About this exercise:
The expected response is an exact repetition of every record, with images excluded.

Input material:
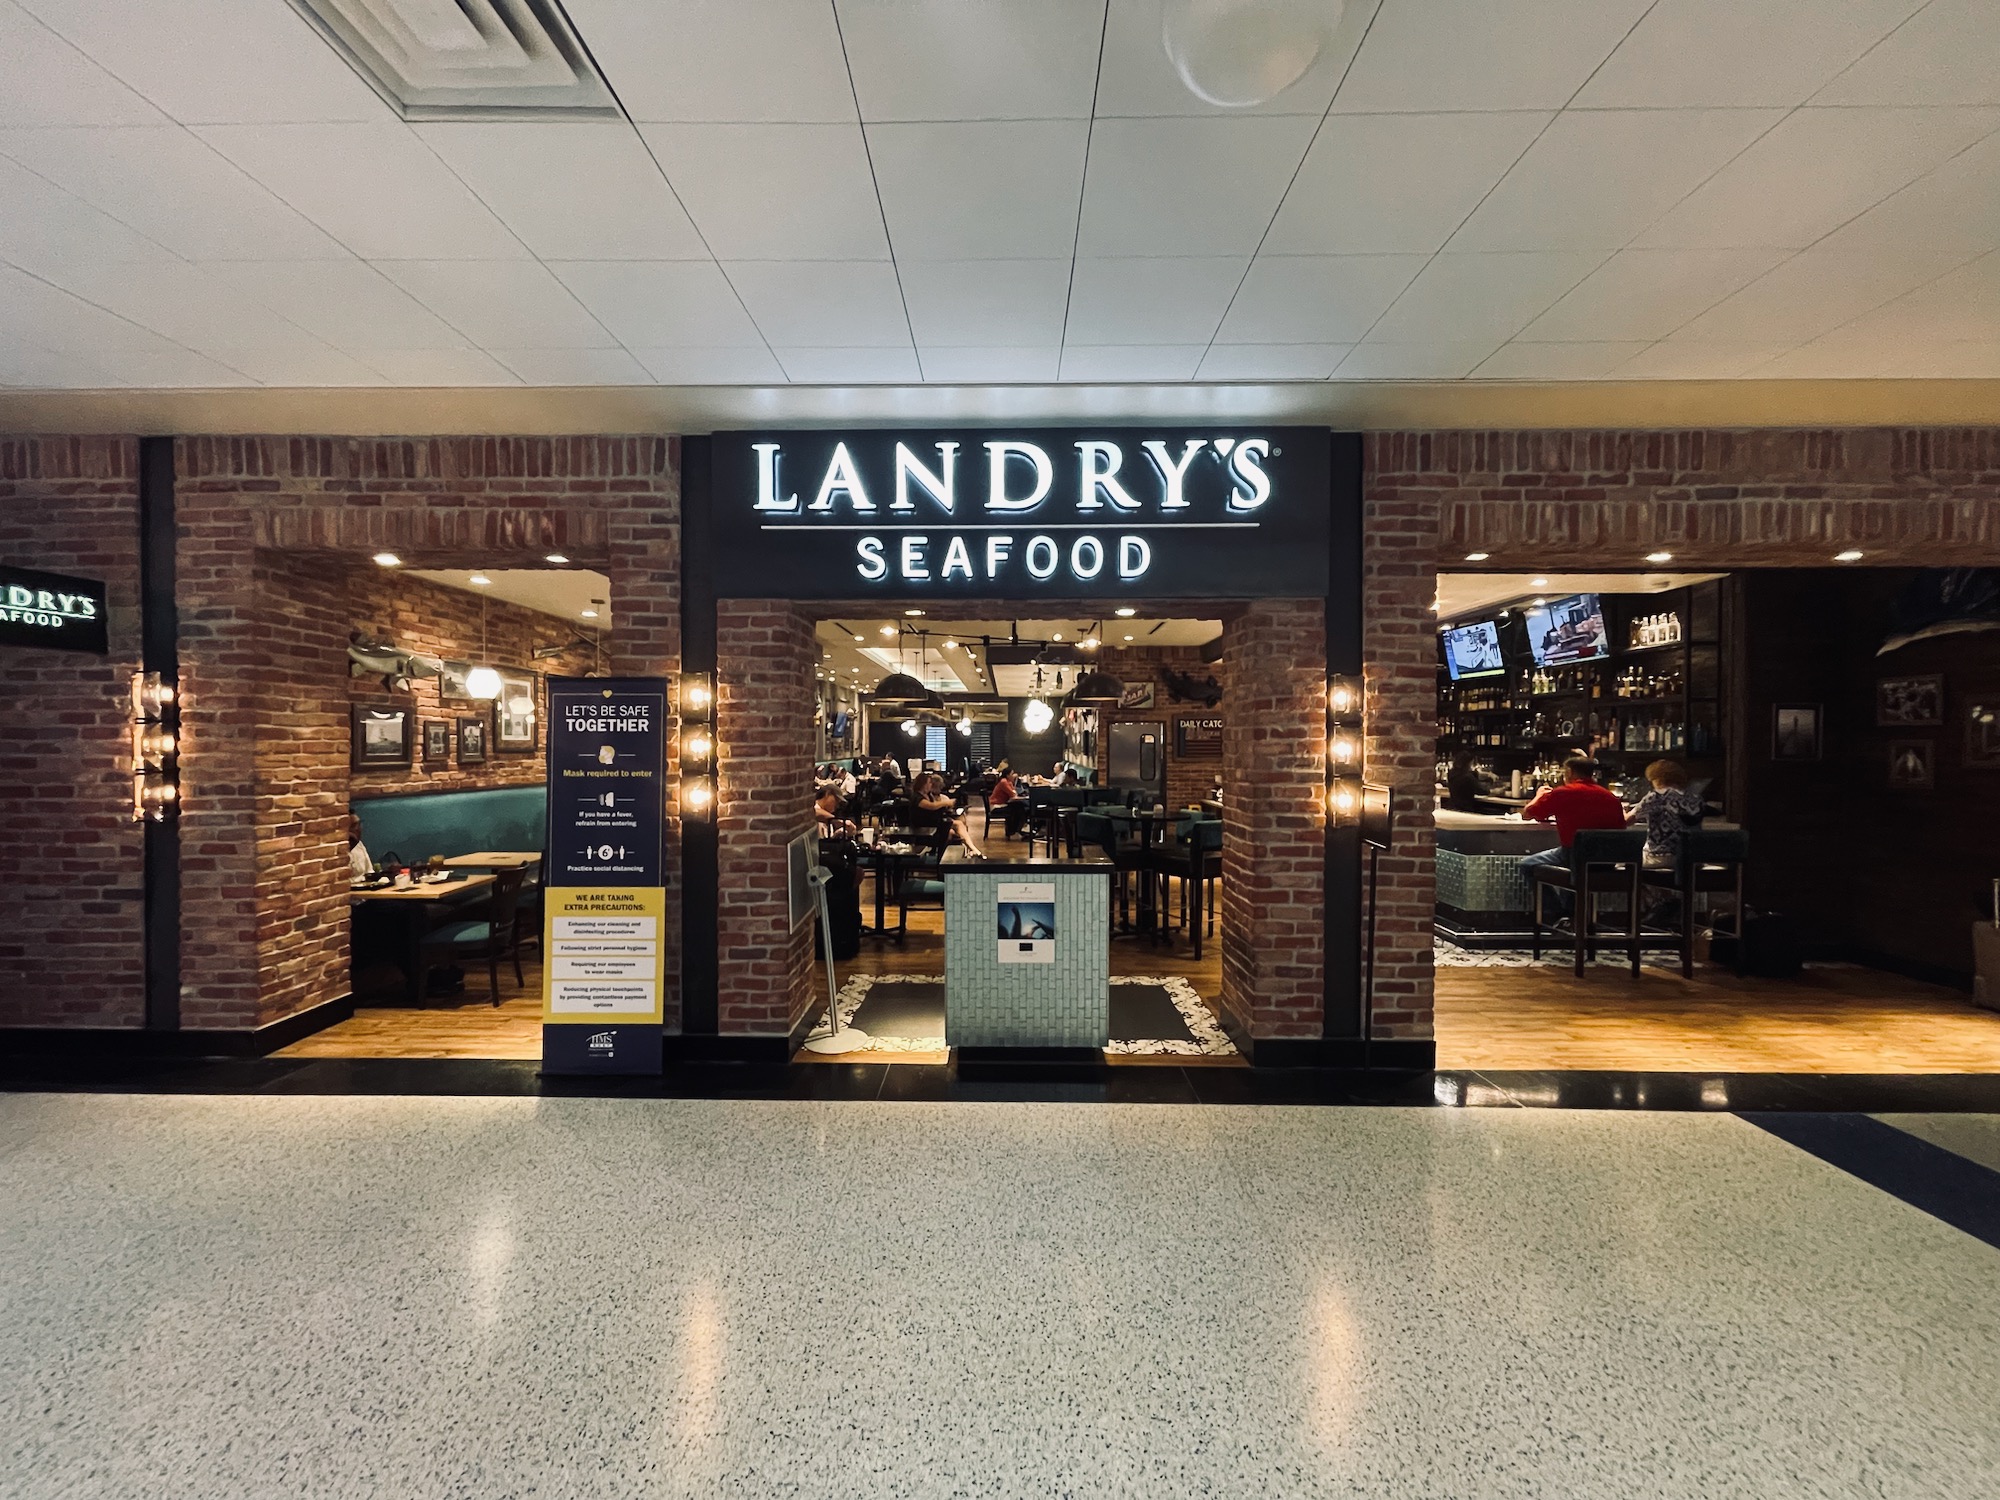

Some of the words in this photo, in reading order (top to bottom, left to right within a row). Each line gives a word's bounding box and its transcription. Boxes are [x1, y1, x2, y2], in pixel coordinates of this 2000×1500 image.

[751, 439, 1271, 511] LANDRY'S
[856, 535, 1151, 580] SEAFOOD
[565, 705, 598, 716] LET'S
[600, 705, 616, 716] BE
[619, 705, 649, 716] SAFE
[565, 718, 649, 732] TOGETHER
[1179, 719, 1201, 728] DAILY
[1202, 719, 1223, 728] CATC
[563, 769, 585, 777] Mask
[587, 769, 619, 778] required
[621, 769, 629, 777] to
[611, 820, 637, 828] entering
[612, 865, 644, 873] distancing
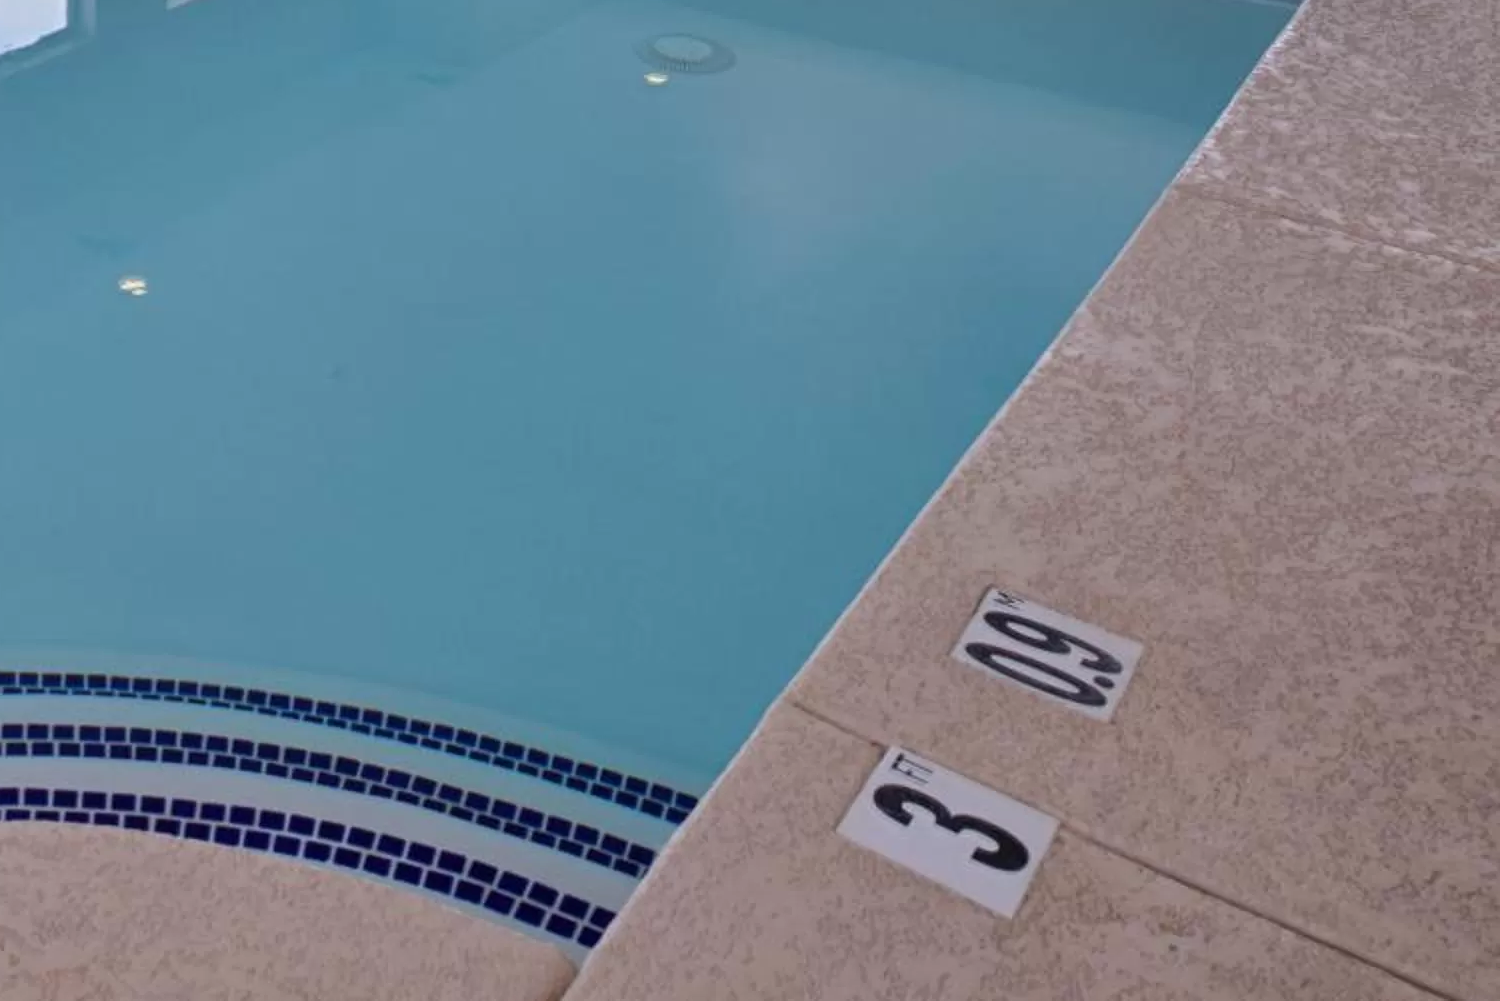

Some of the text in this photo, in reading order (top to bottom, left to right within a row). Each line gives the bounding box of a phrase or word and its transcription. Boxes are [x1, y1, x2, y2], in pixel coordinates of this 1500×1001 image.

Output:
Some of the words in this photo, in reading order (top to bottom, left to right within a row). Each line gives a word's bounding box and its transcription. Boxes are [x1, y1, x2, y2], in pixel coordinates of this 2000×1500 image.

[751, 439, 1271, 511] LANDRY'S
[856, 535, 1151, 580] SEAFOOD
[565, 705, 598, 716] LET'S
[600, 705, 616, 716] BE
[619, 705, 649, 716] SAFE
[565, 718, 649, 732] TOGETHER
[1179, 719, 1201, 728] DAILY
[1202, 719, 1223, 728] CATC
[563, 769, 585, 777] Mask
[587, 769, 619, 778] required
[621, 769, 629, 777] to
[611, 820, 637, 828] entering
[612, 865, 644, 873] distancing

Some of the text in this photo, in reading order (top to bottom, left to right within a row). Each line gives the bounding box of a phrase or word and its transcription. Boxes are [x1, y1, x2, y2], in pixel coordinates of this 1500×1001 image.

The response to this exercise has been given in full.